Der Katalog aller möglichen betrieblichen Zusatzleistungen, mit denen sich Unternehmen als attraktiver Arbeitgeber präsentierten, ist dick. Kostenlose Getränke, frisches Obst oder Fitnesskurse sind darin genauso zu finden, wie das Firmenhandy, der Dienstwagen und die betriebliche Altersvorsorge. Alles Anreize, die Mitarbeiter motivieren und belohnen sollen. Das Problem mit den Benefits ist aber, selten können die so Beschenkten flexibel und bedarfsgerecht wählen. Verteilt werden die Leistungen wie das Management entscheidet. Und hier splitten sich Arbeitgeberwahrnehmung und Arbeitnehmerbedürfnis.

Eine im Auftrag von Allianz Private Krankenversicherung durchgeführte Befragung der Gesellschaft der Konsumforschung (GfK) ergab jedoch, dass nur 16 Prozent aller Unternehmen Fachkräfte mit Zusatzleistungen anlocken.

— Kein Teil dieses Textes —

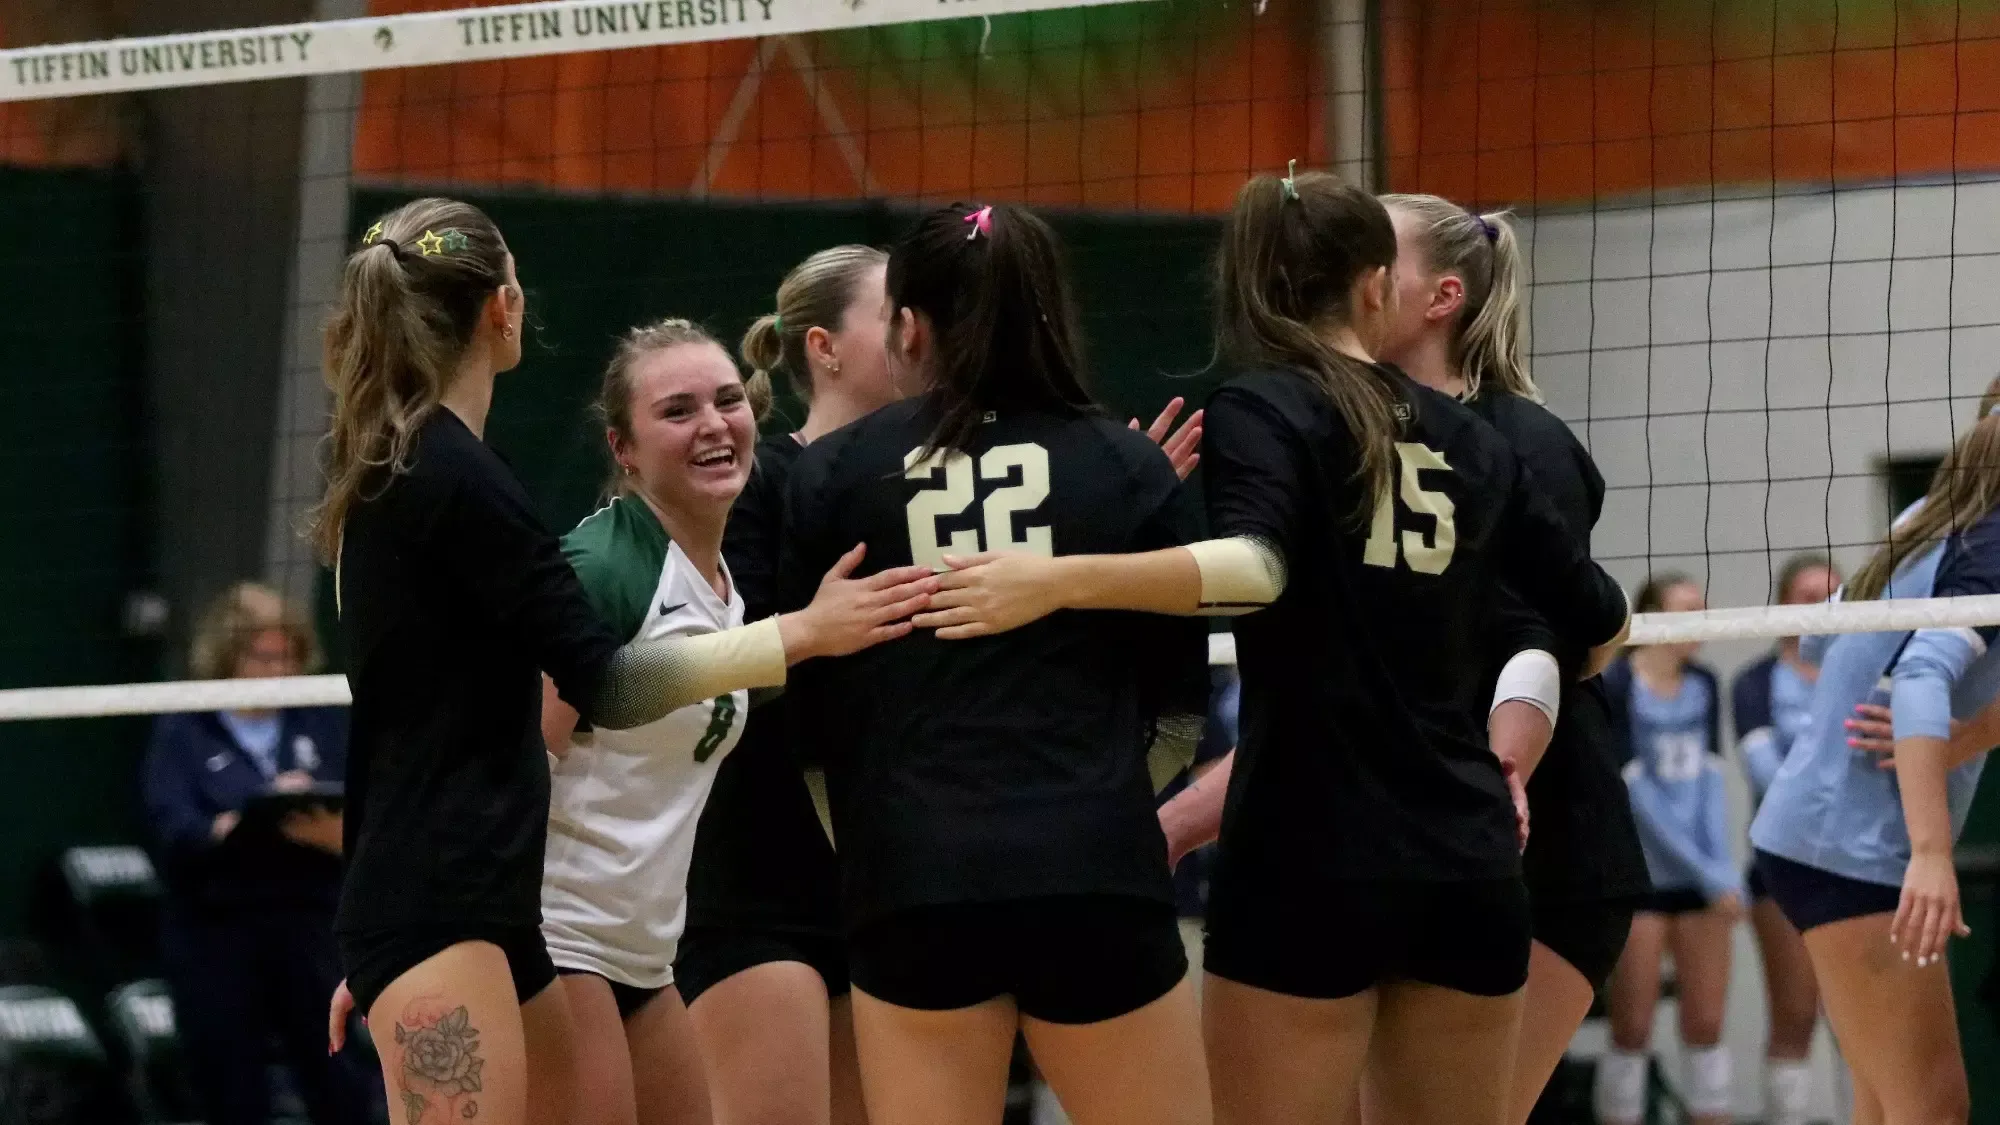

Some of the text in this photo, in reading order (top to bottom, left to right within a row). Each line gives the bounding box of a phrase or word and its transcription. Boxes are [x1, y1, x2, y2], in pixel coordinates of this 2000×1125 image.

Befragt wurden rund 600 Arbeitgeber und mehr als 2.600 Arbeitnehmer, Auszubildende und Studenten. Schließlich, so meinen 66 Prozent der Arbeitgeber, sei das Unternehmensimage bei der Jobwahl ausschlaggebend. Die befragten Arbeitnehmer sehen das ganz anders und halten konkrete Benefits für wichtiger.

Wenn sie „schenken“, greifen Chefs daneben. Auf der Wunschliste der Arbeitnehmer stehen Vorteile zur „persönlichen und finanziellen Absicherung“ auf den ersten Plätzen: Die betriebliche Arbeitsversorgung (bAV), Vermögenswirksame Leistungen (VL) und die betriebliche Krankenversicherung (bKV). Chefs würden aber eher zu statusorientierten Benefits wie dem Handy oder dem Dienstwagen greifen. Dabei, so rechnet der Versicherer vor, koste der Dienstwagen im Jahr durchschnittlich 482 Euro, während die bKV schon für rund 150 Euro und die VL für 278 Euro pro Mitarbeiter zu haben seien. Teurer ist mit 586 Euro im Monat nur der Spitzenreiter bAV. Worauf kommt es bei betrieblichen Zusatzleistungen also an?„Was Mitarbeiter wollen“, richtet sich nach Ansicht von Springer-Autor Richard Barrett an ihren Lebensphasen aus. „Unternehmensführungen müssen herausfinden, welche Bedürfnisse ihre Mitarbeiter motivieren, und eine Kultur schaffen, die diesen Bedürfnissen gerecht wird“, schreibt er. Neue Herausforderungen, der Gedanke an einem lohnenden Zielvorgabe mitzuarbeiten und dabei etwas neues zu lernen, stärken die intrinsische Motivation. Statt materieller Belohnung gibt es innere Erfüllung.